Mbatch p3l (ROCm#401)

Alexei-V-Ivanov-AMD · web-flow · commit d586c399bc64 · 2025-02-04T10:14:39.000-06:00
* Enabling P3L.py &amp; P3L_mling.py tests to run with multiple batched
queries.

This alternation adds minimal measurement noise.

The underlining testing material is the same, the resulting measurements
are comparable to the old (BS=1) testing runs.
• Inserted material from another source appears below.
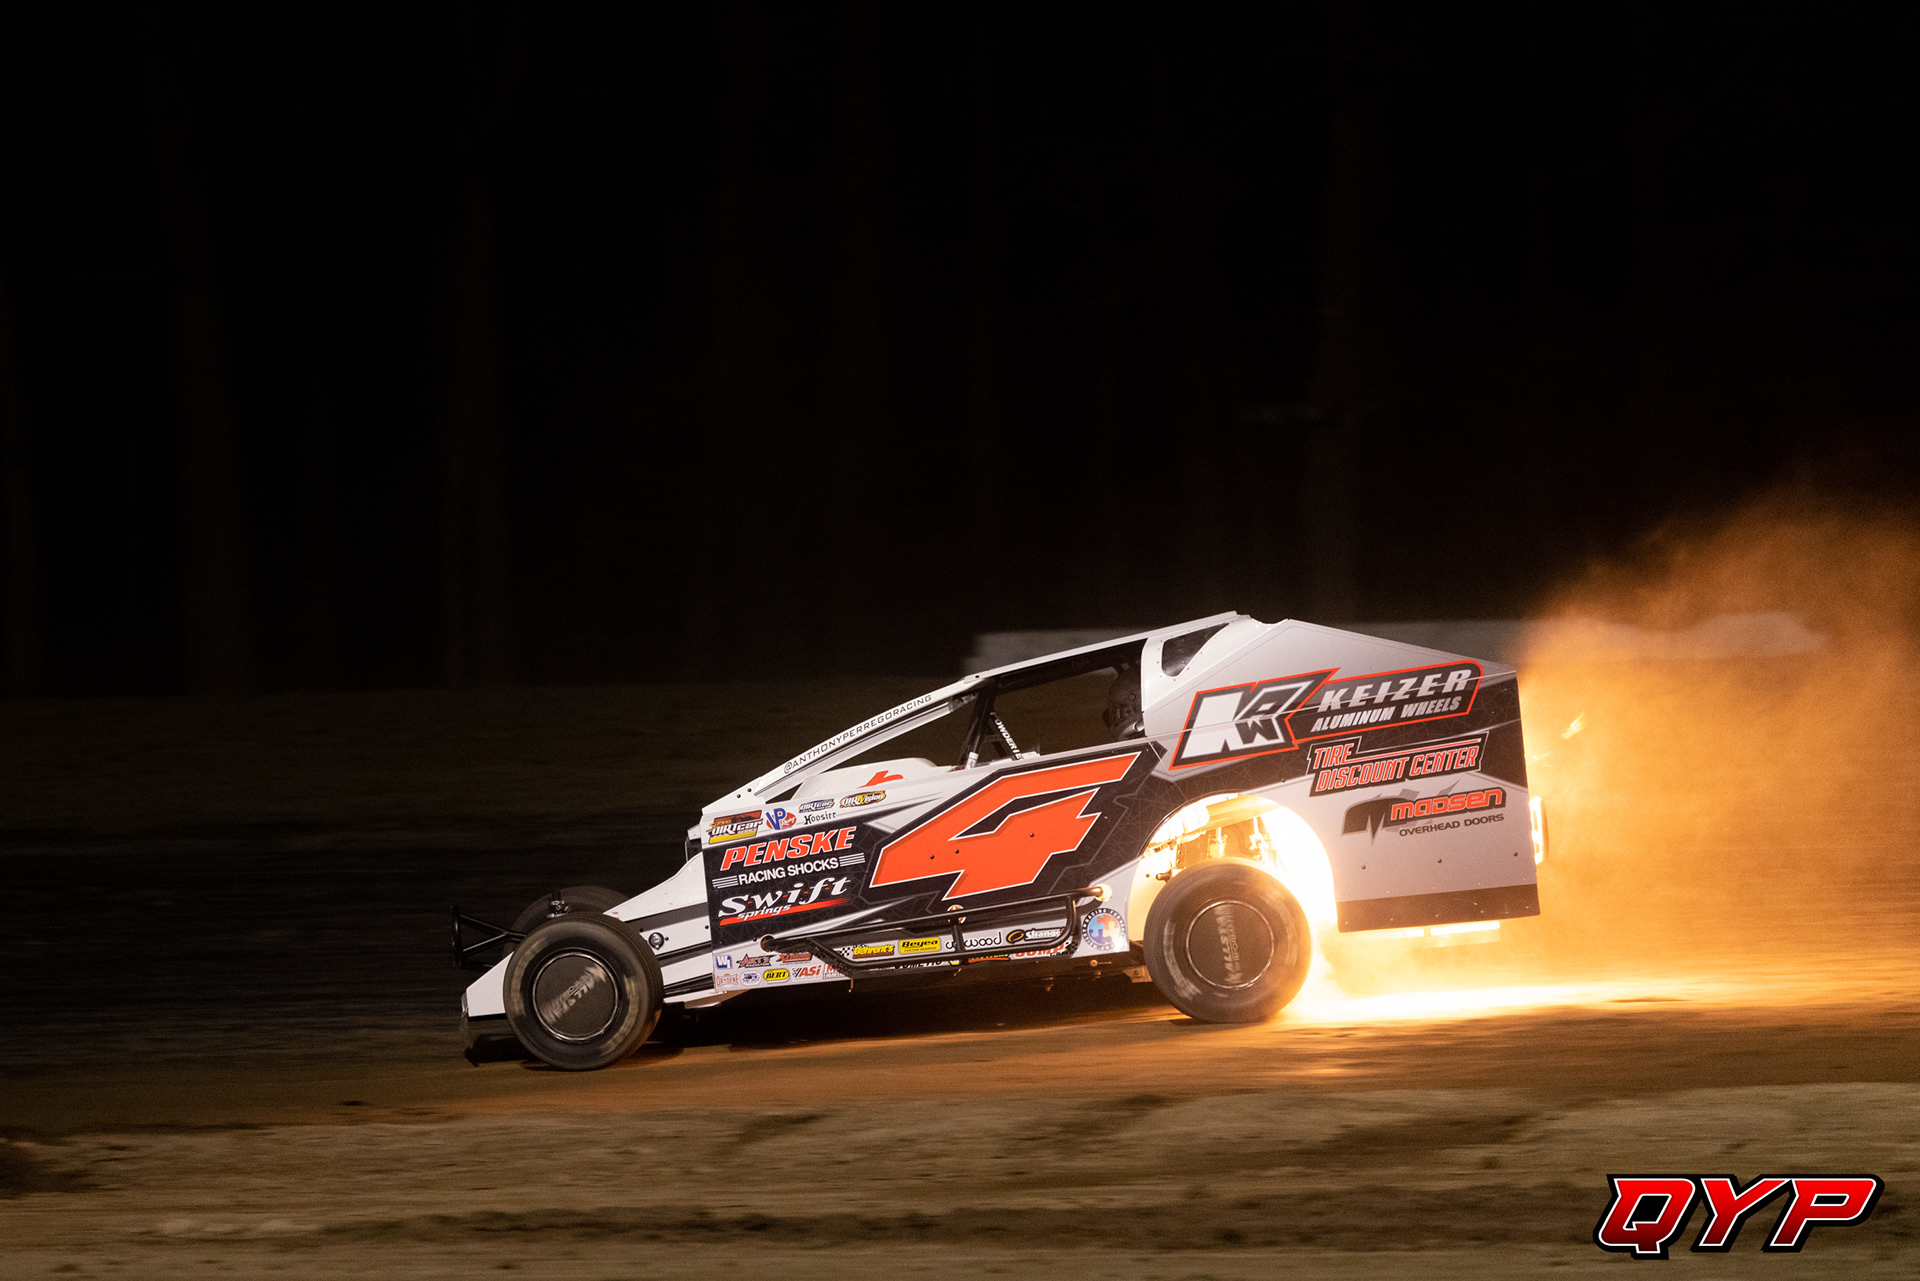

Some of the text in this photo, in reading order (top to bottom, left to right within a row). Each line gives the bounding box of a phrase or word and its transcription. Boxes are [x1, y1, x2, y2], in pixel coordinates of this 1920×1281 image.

Signed-off-by: Alexei V. Ivanov &lt;alexei.ivanov@amd.com&gt;

* Making linters happy.

Signed-off-by: Alexei V. Ivanov &lt;alexei.ivanov@amd.com&gt;

* Changed the device specification for the 'forced_sample' tensor.
The resulting implementation produces identical measurement, and,
actually, became faster (3.21s/it vs 3.42s/it with previous commit).

Signed-off-by: Alexei V. Ivanov &lt;alexei.ivanov@amd.com&gt;

* Fixing reporting to reflect processed intervals.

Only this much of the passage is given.